In livestock sectors, continued innovations in feeding, breeding, genetics, animal health and management will drastically reduce the emission intensity of animal-sourced foods in middle to high income countries according to researchers at the University of Oxford. Agricultural experts have already successfully utilized supplementary feeds, developments in veterinary medicine, advanced breeding methods and reproductive technology.

 “A cow today in the U.S. produces about four times the amount of milk she did in the 1950s,” Van Eenennaam said. “And as a result, a glass of milk is a third of the environmental footprint it was of the 1950s.” 

Innovations in livestock production have also decreased the environmental footprint of beef and chicken production.

“We’re very good at what we do in terms of producing beef in the U.S.,” Werth said. “Over the last 50 years, we’ve kept the herd size the same, but increased production by 67%.”

Furthermore, comfort is not compromised by a quest for efficiency; advancements are made with careful consideration for the animals within these systems.

“In order for these animals to be as productive as they are, we have to put a lot of time and care and love into how we’re producing them,” Werth said. “If an animal is being mistreated, if it doesn’t have the optimal nutrition and optimal feeds going into its diet, it’s not going to be as productive as it can be.”

By balancing ethical treatment with sustainability goals, Werth believes it can help feed a planet in a sustainable manner.

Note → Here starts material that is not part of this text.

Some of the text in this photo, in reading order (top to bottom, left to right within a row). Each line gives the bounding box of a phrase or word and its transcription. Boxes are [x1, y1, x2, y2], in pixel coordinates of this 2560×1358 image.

When it comes to cattle production, Werth suggests we shift our framework from “How do we keep making these animals more efficient?” to “How do we actually minimize the emissions they’re producing?”

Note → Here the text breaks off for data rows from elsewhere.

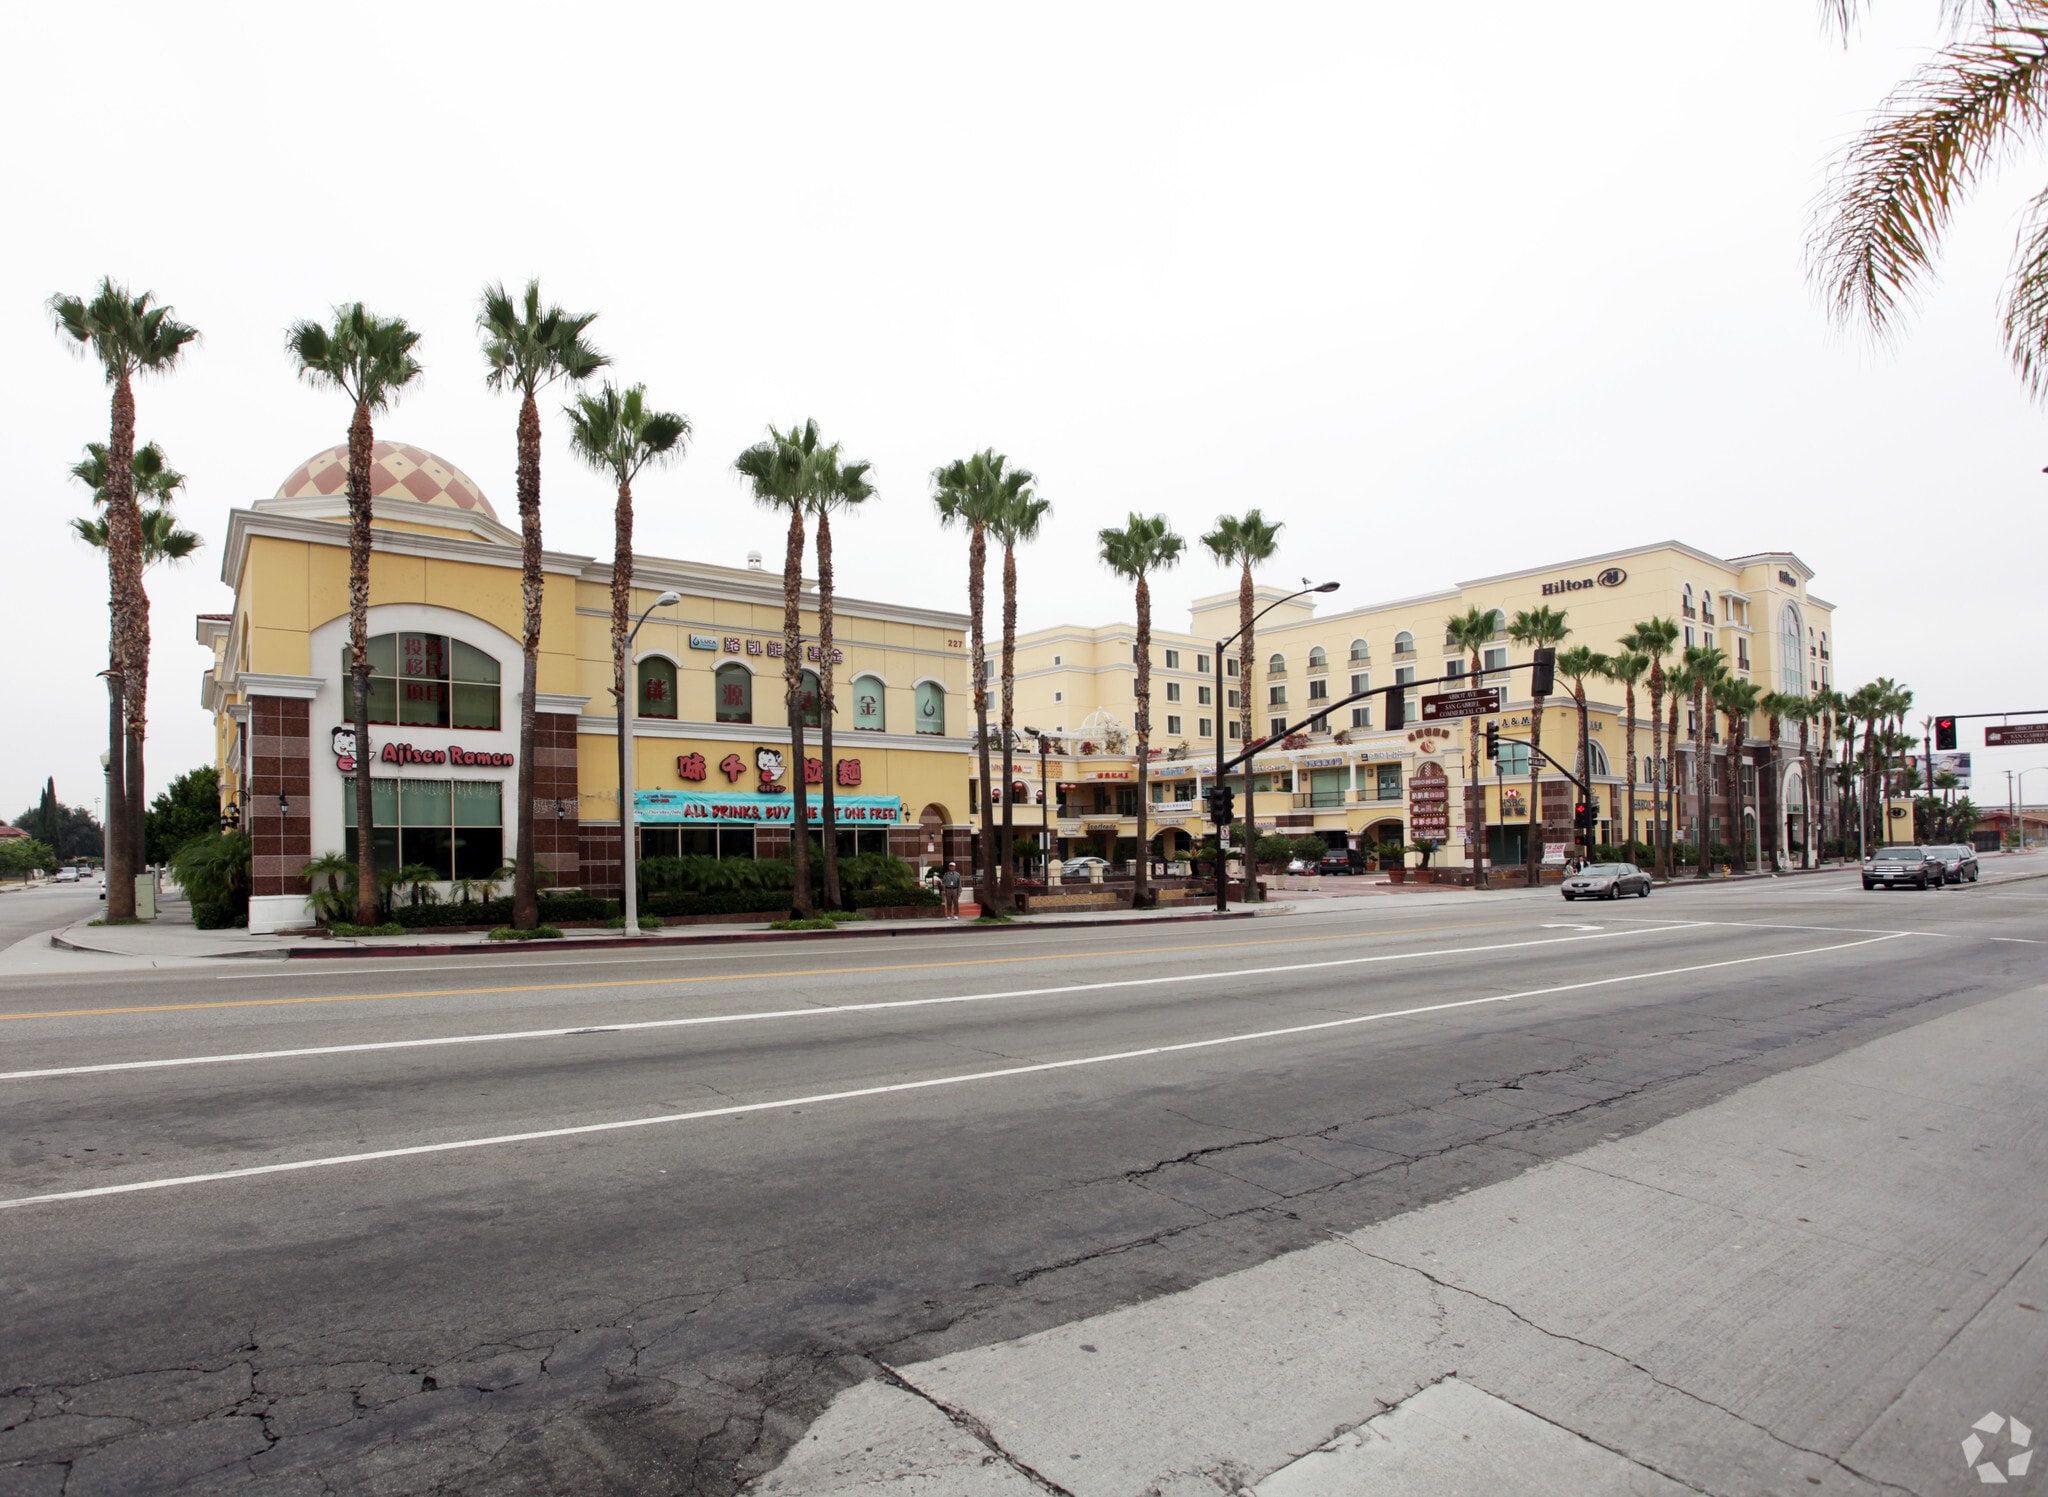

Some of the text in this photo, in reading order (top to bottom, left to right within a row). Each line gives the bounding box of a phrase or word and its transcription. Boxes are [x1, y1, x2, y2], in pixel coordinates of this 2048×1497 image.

[1541, 578, 1594, 596] Hilton
[947, 640, 963, 648] 227
[1447, 690, 1478, 701] ABBOT AVE
[1445, 700, 1480, 711] SAN GABRIEL
[1440, 708, 1474, 717] COMMERCIAL
[382, 743, 514, 766] Ajisen Ramen
[684, 804, 708, 818] ALL
[712, 805, 762, 820] DRINKS,
[765, 805, 791, 820] BUY
[844, 806, 866, 820] ONE
[869, 807, 897, 821] FREE!

In applying this structure to global food systems, this will look like asking questions such as: “Where are these animals at? What’s the land like? What are the resources available to these ranchers and farmers whose livelihoods depend on cattle? Then, what can we use in that space to help these animals become the most efficient they can be?” Werth said. “If you can produce more with less, then you don’t need as many animals and you’re helping to improve sustainability in that way.”

When we acknowledge innovations in both animal agriculture and alternative meats as allies to sustainable efforts and health initiatives, science can more effectively guide policy to meet our goals, as advised by research conducted by the Public Health Agency of Canada. Proposed policy that sounds good on paper isn’t always beneficial in the long run, and data-driven science assists in identifying blind spots. 

 “It sounds really nice [for policymakers] to think, ‘Yeah, we’re using less pesticides and less fertilizers’, but then our food costs go up 50%. In these decisions, an entire part of the population now no longer has access to these higher quality health foods,” Werth said. “And that’s a choice that we have some power over in the way that we communicate the science behind it.” 

Written by: Victoria McJunkin — science@theaggie.org

Editor’s note: A previous version of this article mentioned Van Eenennaam and Samantha Werth conducted a series of Life Cycle Assessments rather than reviewed them. Beef production has increased by 67%, not 40%, in the last 50 years. In addition, a previous version of the article said that plant-based alternatives are nutritionally complete, which is not true. The article has been updated to correct these errors.